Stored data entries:

╭──

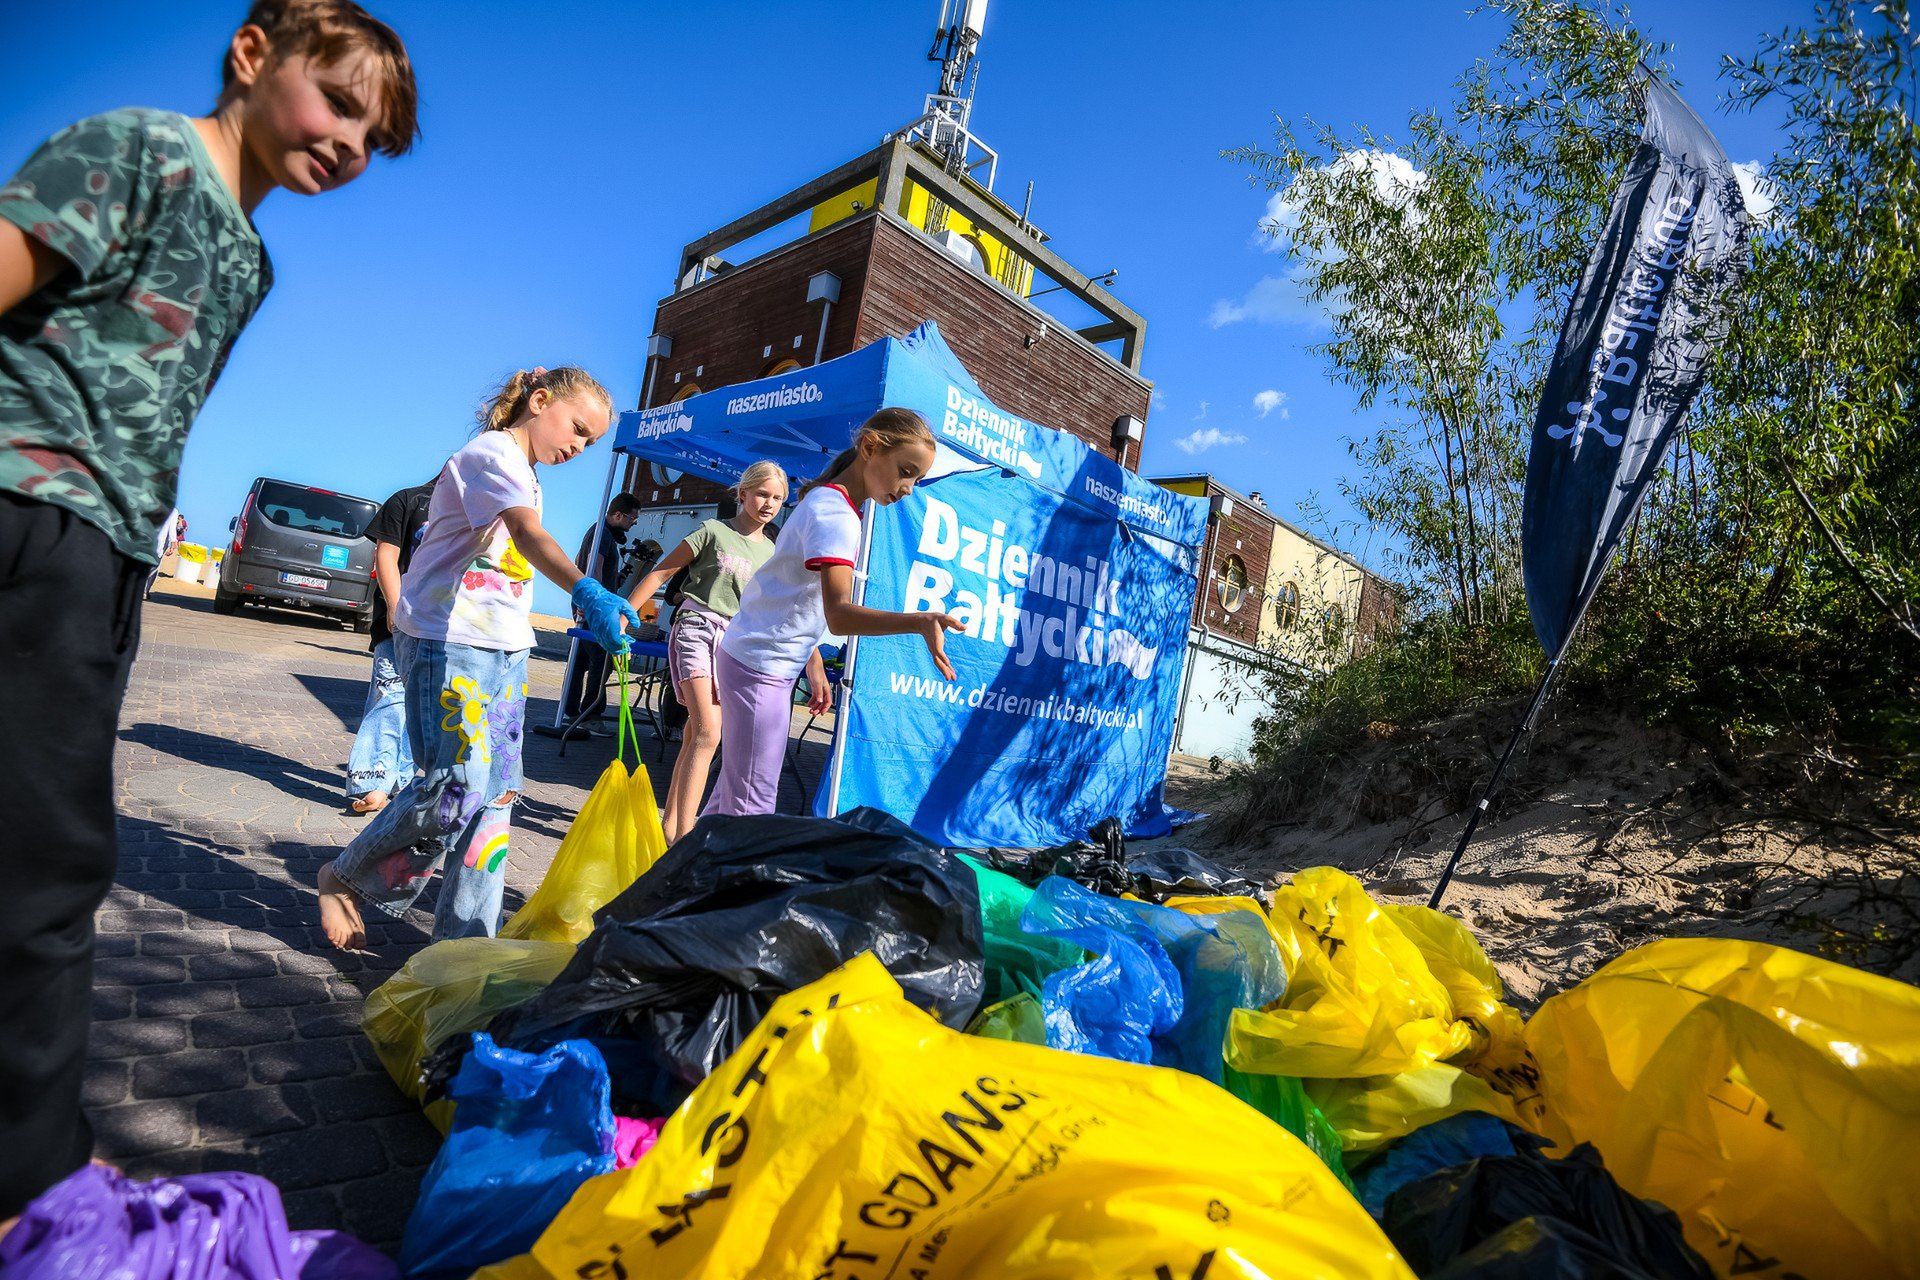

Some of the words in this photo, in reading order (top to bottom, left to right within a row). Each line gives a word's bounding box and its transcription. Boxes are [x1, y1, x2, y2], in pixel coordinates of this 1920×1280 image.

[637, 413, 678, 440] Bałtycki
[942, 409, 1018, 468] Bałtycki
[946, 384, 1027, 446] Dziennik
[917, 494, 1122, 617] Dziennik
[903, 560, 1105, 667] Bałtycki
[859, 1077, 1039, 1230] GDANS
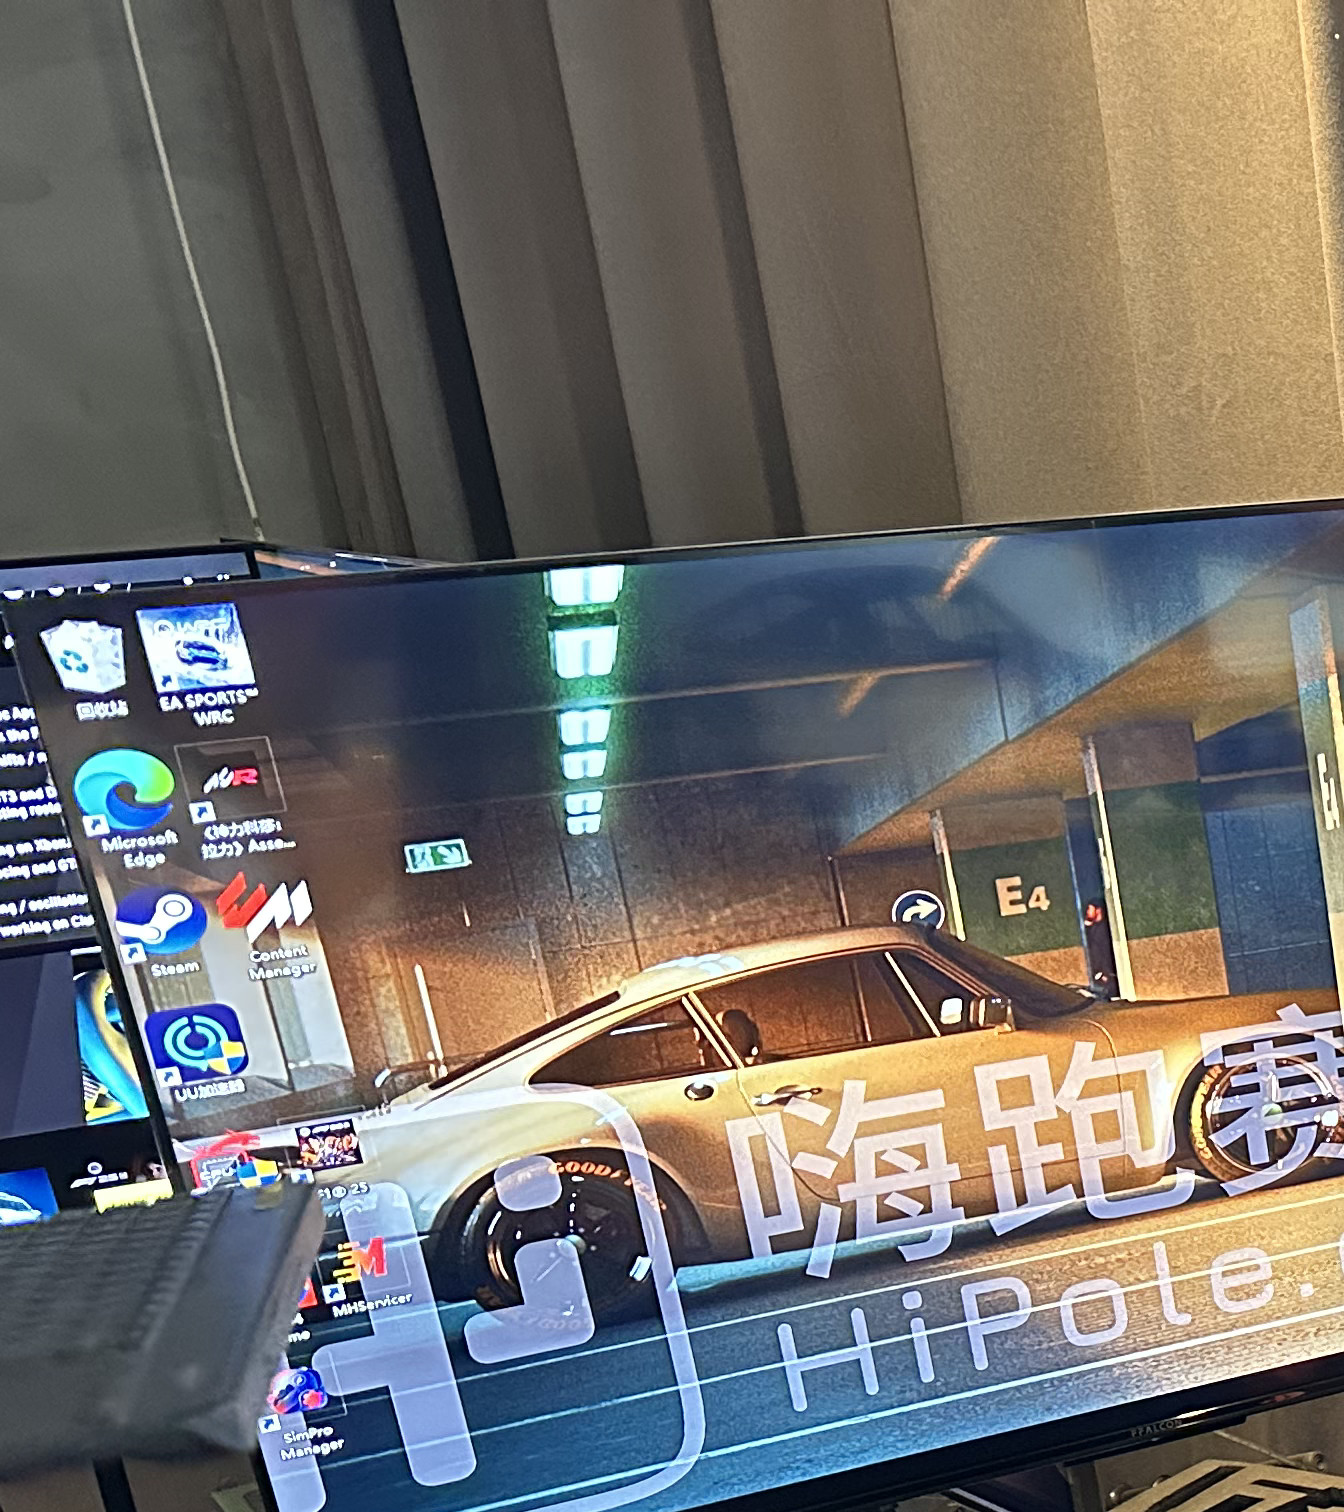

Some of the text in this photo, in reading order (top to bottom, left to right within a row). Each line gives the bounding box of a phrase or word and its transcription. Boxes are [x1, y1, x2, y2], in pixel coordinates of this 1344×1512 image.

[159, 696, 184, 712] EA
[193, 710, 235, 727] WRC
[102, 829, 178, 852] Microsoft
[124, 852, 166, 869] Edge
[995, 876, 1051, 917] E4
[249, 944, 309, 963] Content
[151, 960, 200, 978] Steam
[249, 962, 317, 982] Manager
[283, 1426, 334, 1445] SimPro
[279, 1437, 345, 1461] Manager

╰──

== DIRECTIONS FOR THIS TASK ==
Transcribe the records word for word and include no pictures.

== EXERCISE ANSWER ==
Some of the words in this photo, in reading order (top to bottom, left to right within a row). Each line gives a word's bounding box and its transcription. Boxes are [x1, y1, x2, y2], in pixel coordinates of this 1920×1280 image.

[637, 413, 678, 440] Bałtycki
[942, 409, 1018, 468] Bałtycki
[946, 384, 1027, 446] Dziennik
[917, 494, 1122, 617] Dziennik
[903, 560, 1105, 667] Bałtycki
[859, 1077, 1039, 1230] GDANS

Some of the text in this photo, in reading order (top to bottom, left to right within a row). Each line gives the bounding box of a phrase or word and its transcription. Boxes are [x1, y1, x2, y2], in pixel coordinates of this 1344×1512 image.

[159, 696, 184, 712] EA
[193, 710, 235, 727] WRC
[102, 829, 178, 852] Microsoft
[124, 852, 166, 869] Edge
[995, 876, 1051, 917] E4
[249, 944, 309, 963] Content
[151, 960, 200, 978] Steam
[249, 962, 317, 982] Manager
[283, 1426, 334, 1445] SimPro
[279, 1437, 345, 1461] Manager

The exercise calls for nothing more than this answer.